What is High-Danger Save %?

Abbreviated: HDSv%

The percentage of high-quality scoring chances a goaltender stops.

What this tells us

When a team generates a high-danger chance — a shot from the slot or close to the net — how often does the goaltender stop it? A goaltender with a 75% high-danger save percentage is stopping three out of every four prime scoring opportunities. This is a sharper measure of goaltending skill than overall save percentage, because it focuses only on the shots that matter most.

Limitations

High-danger save percentage depends on how your team defines "high-danger." The exact boundaries (distance from net, shooting angle, screen position) vary across analytics sources, which makes it harder to compare goaltenders across different platforms. It also ignores the quality of the defense in front of the goalie — a goaltender facing ten high-danger chances per game is working harder than one facing three, even if both post identical save percentages.
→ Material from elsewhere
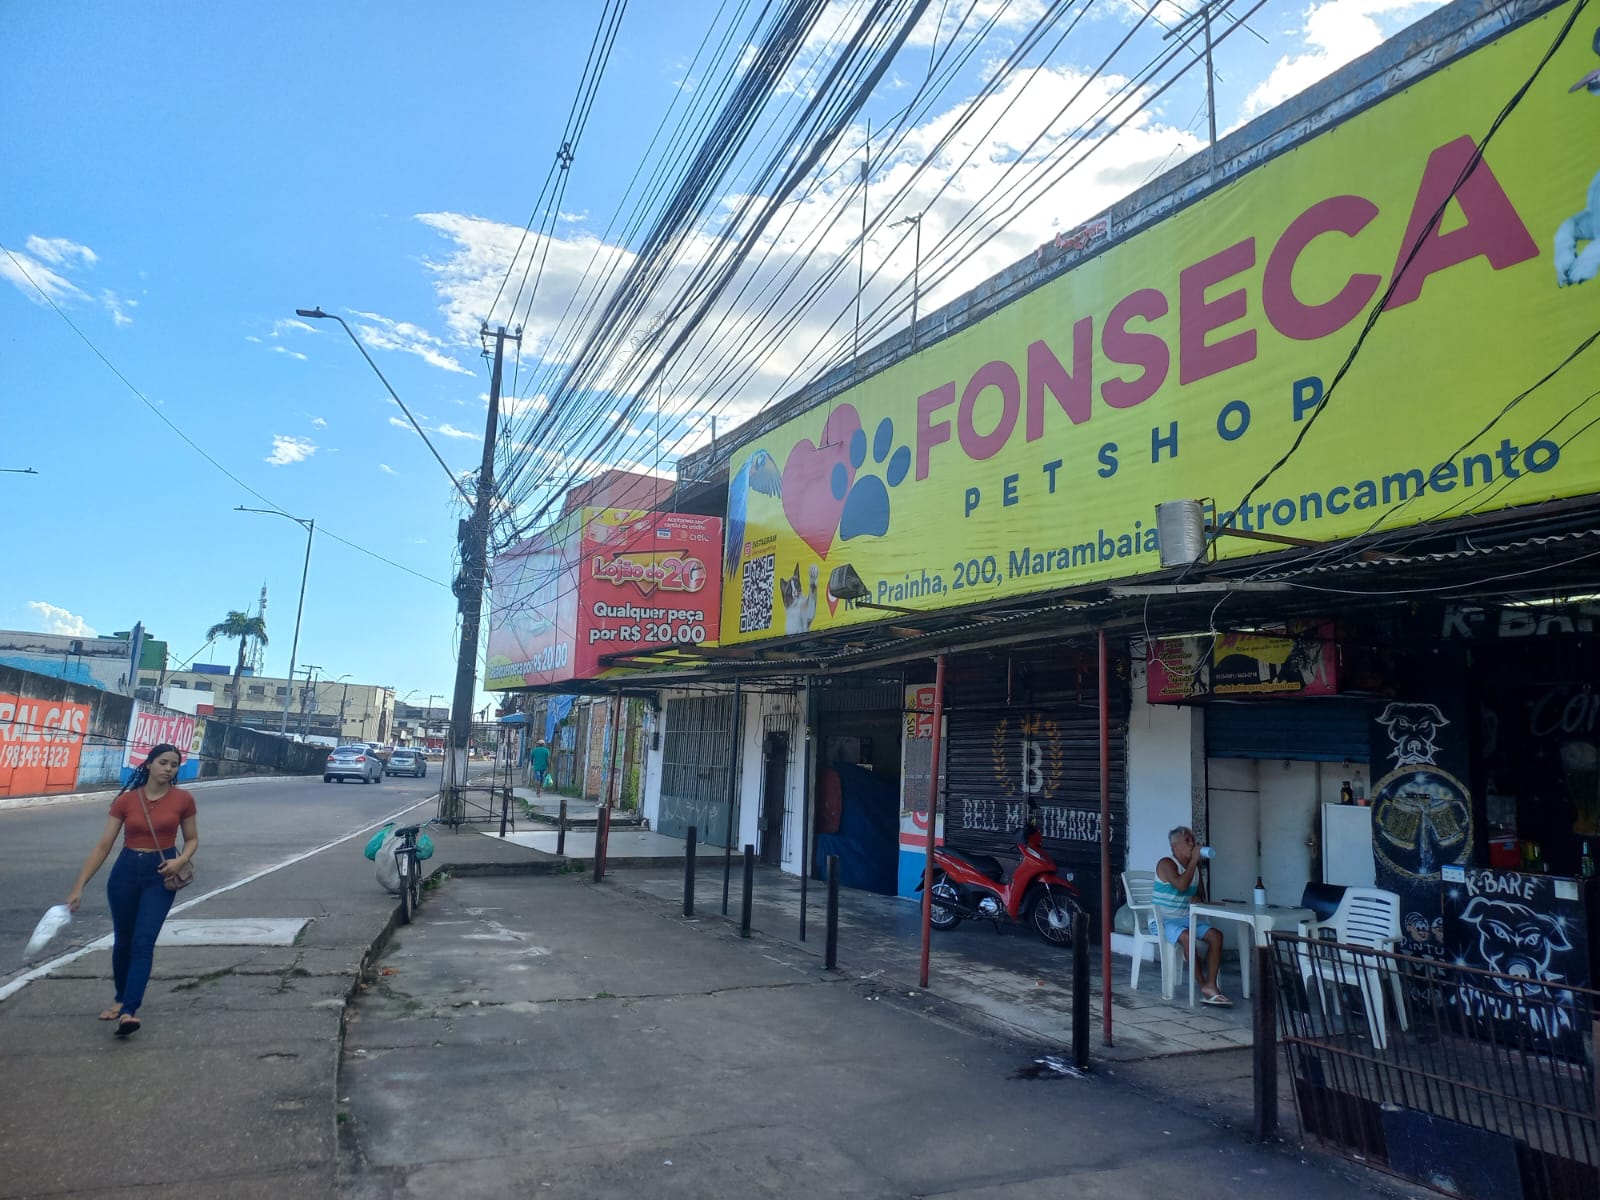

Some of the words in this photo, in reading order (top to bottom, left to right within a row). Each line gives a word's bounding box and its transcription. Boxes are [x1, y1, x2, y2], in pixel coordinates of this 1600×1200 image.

Small sample sizes matter here: a goaltender needs a meaningful number of high-danger shots faced before this number stabilizes.

Formula[show]
High-Danger Shots Against − High-Danger Goals Against / High-Danger Shots Against

How PuckLab calculates this

PuckLab defines high-danger chances using the PuckLab v2 expected-goals model (56 features, AUC 0.758). High-danger shots are those with an xG value in the top quartile for the season. Full methodology will live on the /methodology page.

Example

A starting goaltender on a strong defensive team might post a high-danger save percentage in the 72–76% range. A backup goaltender or one playing behind a porous defense might sit at 65–70%, either because they're facing tougher chances or stopping fewer of them.